Sur place, aux Etats Unis, son aîné Aziz Abbassi, traducteur attitré du philosophe Mohamed Abed Jabri en anglais, s'essaie tantôt à la poésie tantôt à la nouvelle. “Même si mes textes sont écrits en anglais sur le papier, ils sont en darija, dans l'esprit”, estime l'auteur. Socio-linguiste de formation, Abbassi estime que son identité hybride déteint sur ses écrits : deux recueils de nouvelles en l’occurence (Vol en plein jour et Mémoire d’une enfance au Moyen Orient). D’autres auteurs anglophones se contentent de publier leurs vers at home, comme c'est le cas de Hafsa Bekri Lamrani et de Hassan Mekouar. Ils confirment, à leur niveau, la tendance. Pas de place pour des fils d'immigrés, juste pour des passionnés de la langue anglaise.

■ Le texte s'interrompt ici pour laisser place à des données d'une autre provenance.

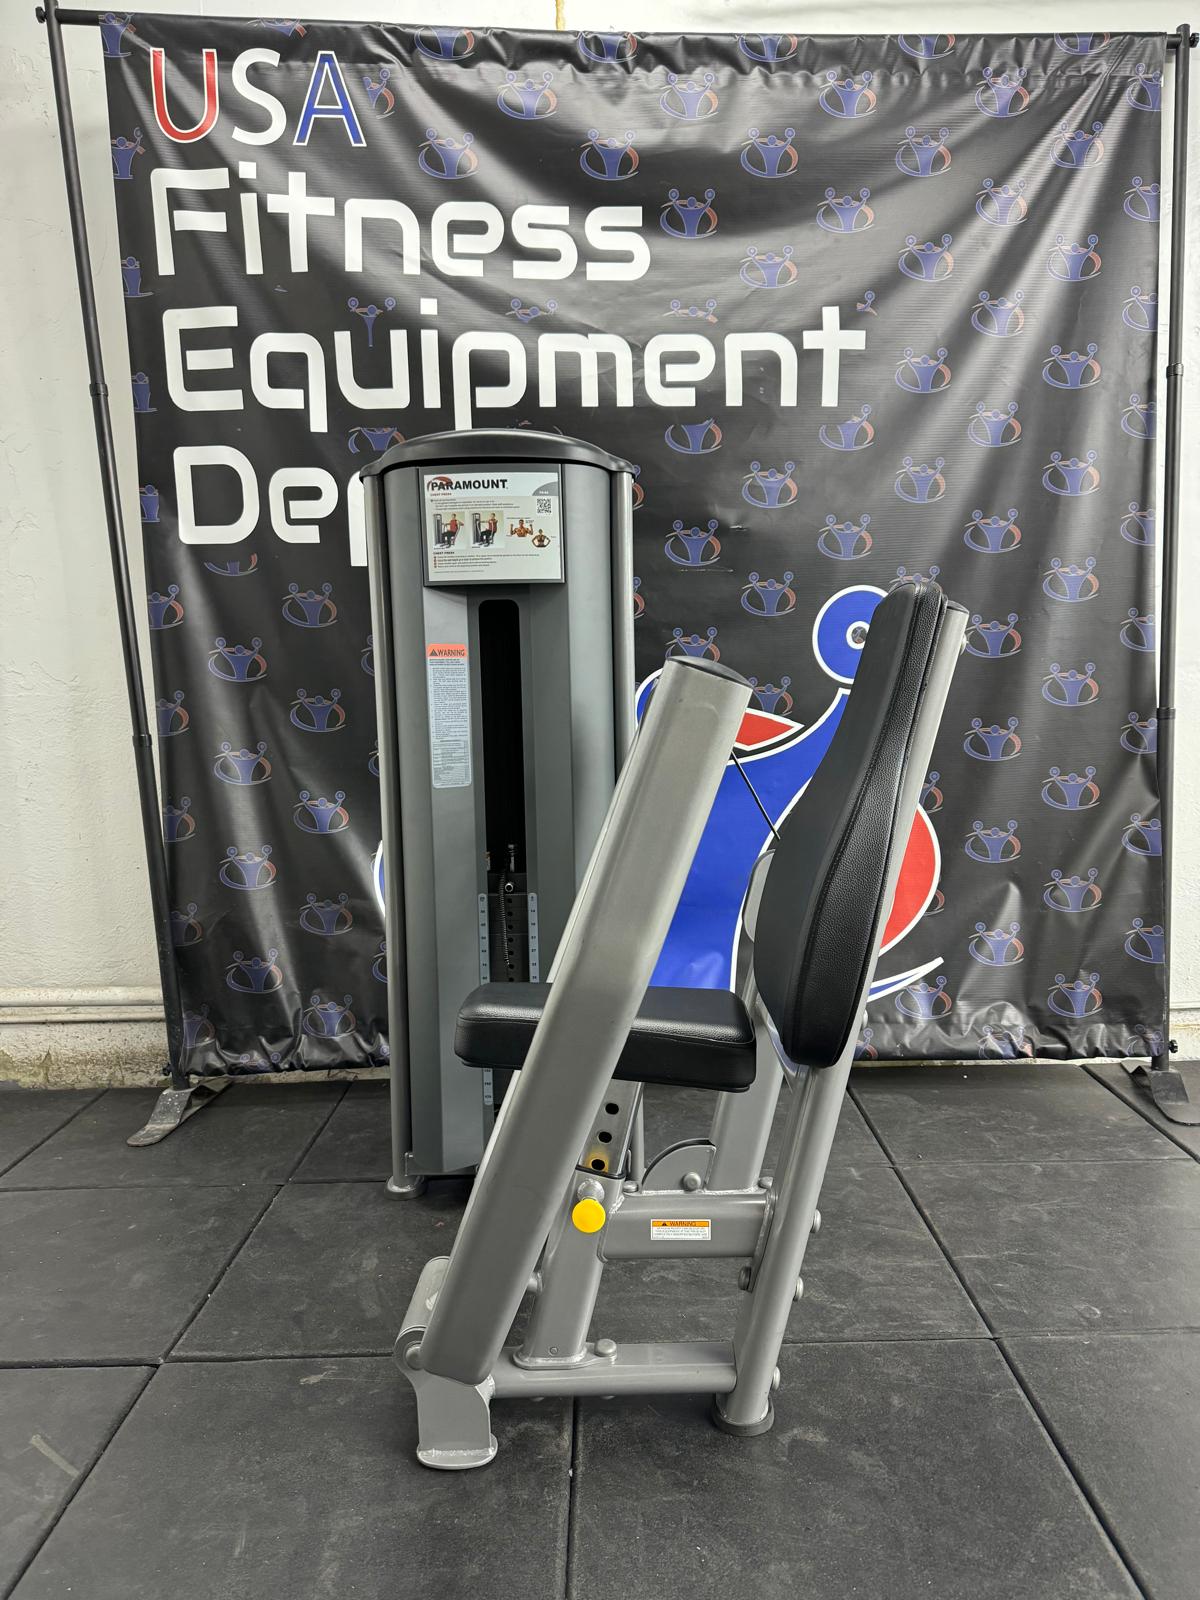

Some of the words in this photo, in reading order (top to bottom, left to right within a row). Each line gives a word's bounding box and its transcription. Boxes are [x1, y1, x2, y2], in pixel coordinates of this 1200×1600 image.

Et un germanophone, à part
“Il existe en Allemagne un écrivain issu de l'immigration mais nous n'arrivons pas à l'identifier”, confie un responsable au Goethe Institut. Le seul auteur germanophone est un professeur de la faculté de Rabat. Fawzi Boubia, politologue et philosophe à la fois, a fait ses études outre-Rhin et son premier roman, Heidelberg - Marrakesch, Einfach (Heidelberg - Marrakech, aller simple) raconte en un jour les dilemmes d'un marocain d'origine berbère, arabophone, francisant, face à une Allemagne xénophobe. Quoique dérangeant par son propos, le livre est paru de nouveau en double édition (arabe et allemande), a été adapté au théâtre et est sur le point d'être traduit en français. Son prochain roman a comme protagoniste Schéhérazade. La frustration de Boubia, comme de beaucoup d'autres de ses pairs, est de “voir que la darija offre des possibilités incommensurables d'expression, sans être mise à profit”. Et c'est finalement ce manque à gagner qui nous offre une richesse inouïe. Un Babel littéraire, en somme.